▶ [Task input]

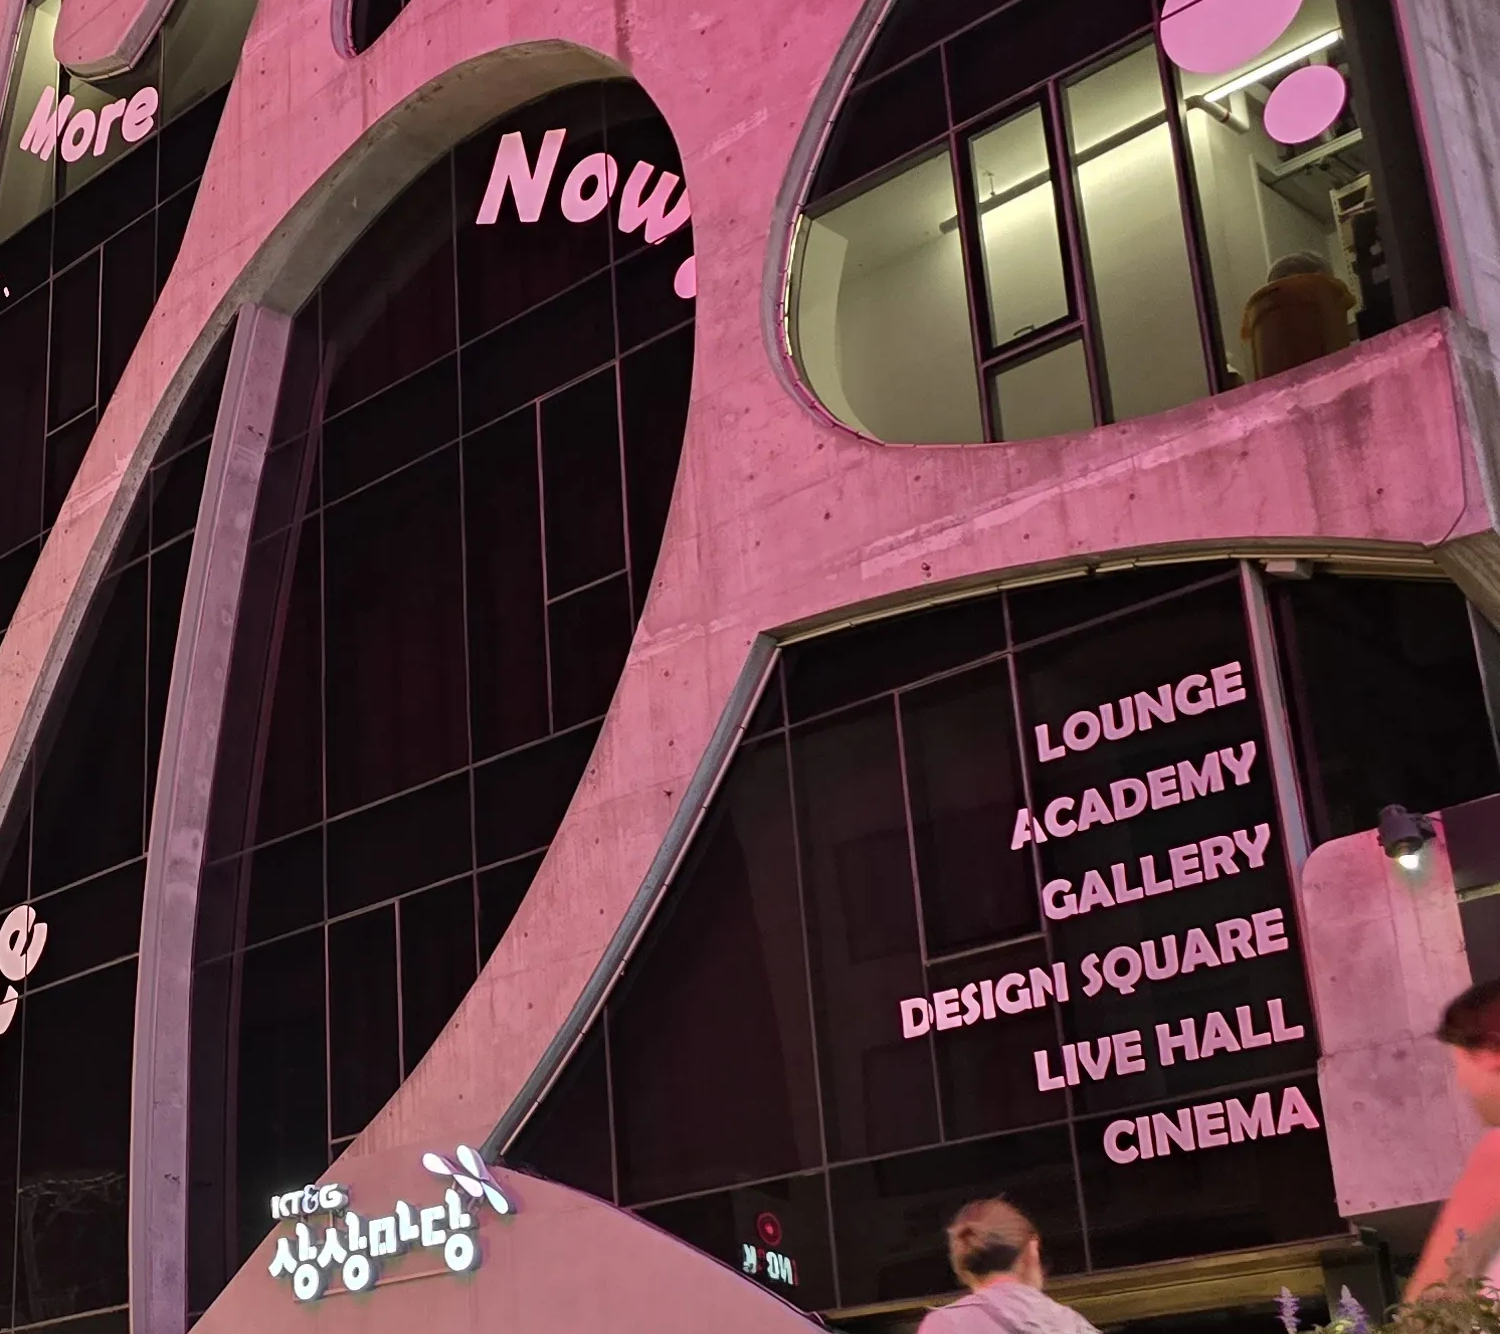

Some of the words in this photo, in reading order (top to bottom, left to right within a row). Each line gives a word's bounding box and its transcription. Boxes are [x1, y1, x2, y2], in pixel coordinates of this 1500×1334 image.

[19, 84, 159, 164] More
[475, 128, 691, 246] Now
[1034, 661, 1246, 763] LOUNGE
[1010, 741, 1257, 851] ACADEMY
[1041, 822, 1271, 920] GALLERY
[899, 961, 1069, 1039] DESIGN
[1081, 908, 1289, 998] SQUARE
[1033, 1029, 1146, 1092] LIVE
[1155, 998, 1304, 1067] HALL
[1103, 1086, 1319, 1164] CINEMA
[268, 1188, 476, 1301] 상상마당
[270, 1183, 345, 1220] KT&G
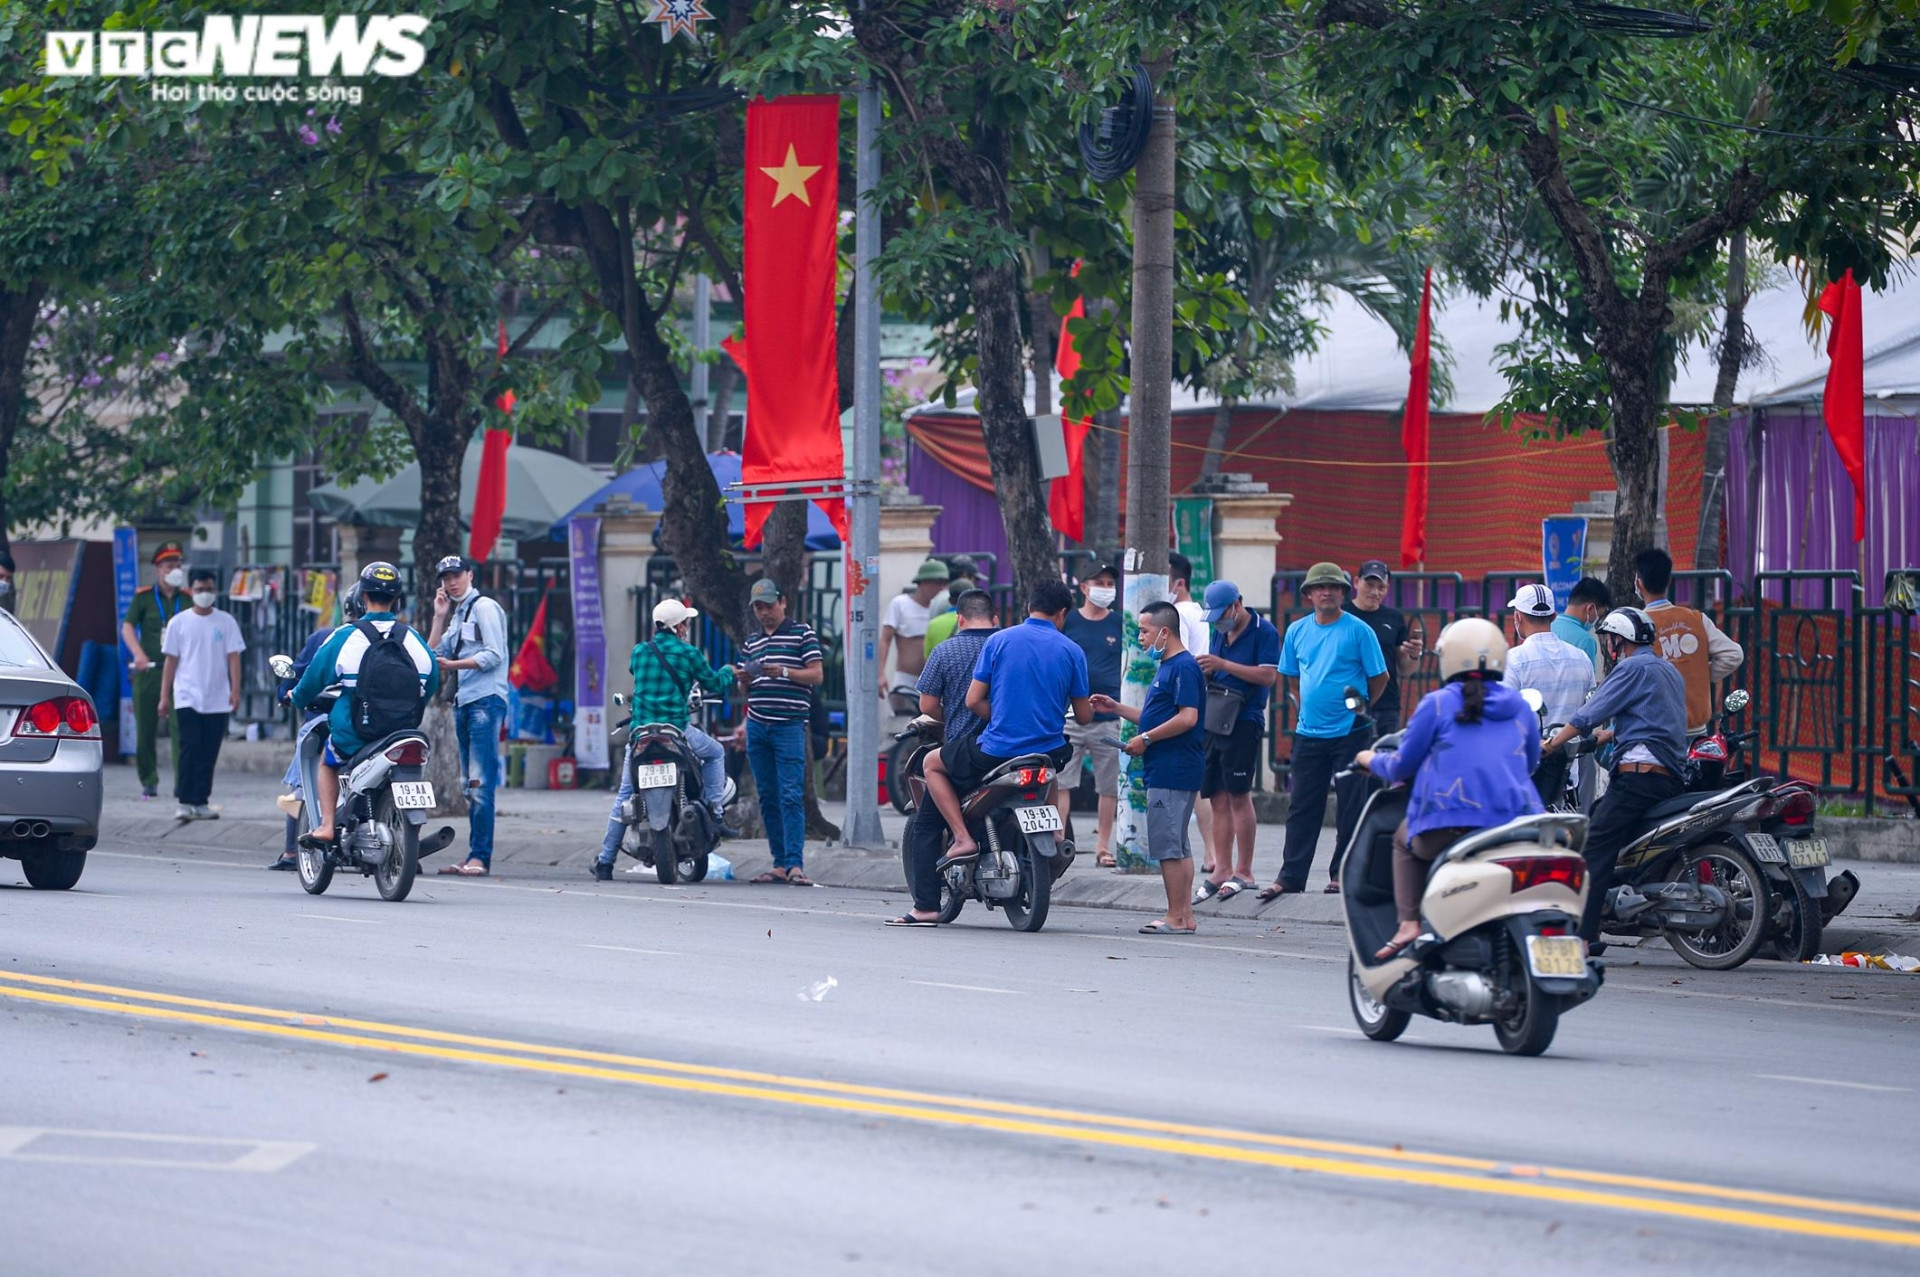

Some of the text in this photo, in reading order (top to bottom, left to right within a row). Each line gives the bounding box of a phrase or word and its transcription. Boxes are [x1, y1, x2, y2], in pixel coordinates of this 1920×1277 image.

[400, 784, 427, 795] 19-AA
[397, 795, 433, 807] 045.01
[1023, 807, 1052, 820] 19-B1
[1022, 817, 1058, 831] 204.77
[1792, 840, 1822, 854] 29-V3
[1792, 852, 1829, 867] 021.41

▶ [Work instructions] Repeat exactly, and only, the lines from the line containing "Some of the text" through the last line of the records above, both included.

▶ [The answer]
Some of the text in this photo, in reading order (top to bottom, left to right within a row). Each line gives the bounding box of a phrase or word and its transcription. Boxes are [x1, y1, x2, y2], in pixel coordinates of this 1920×1277 image.

[400, 784, 427, 795] 19-AA
[397, 795, 433, 807] 045.01
[1023, 807, 1052, 820] 19-B1
[1022, 817, 1058, 831] 204.77
[1792, 840, 1822, 854] 29-V3
[1792, 852, 1829, 867] 021.41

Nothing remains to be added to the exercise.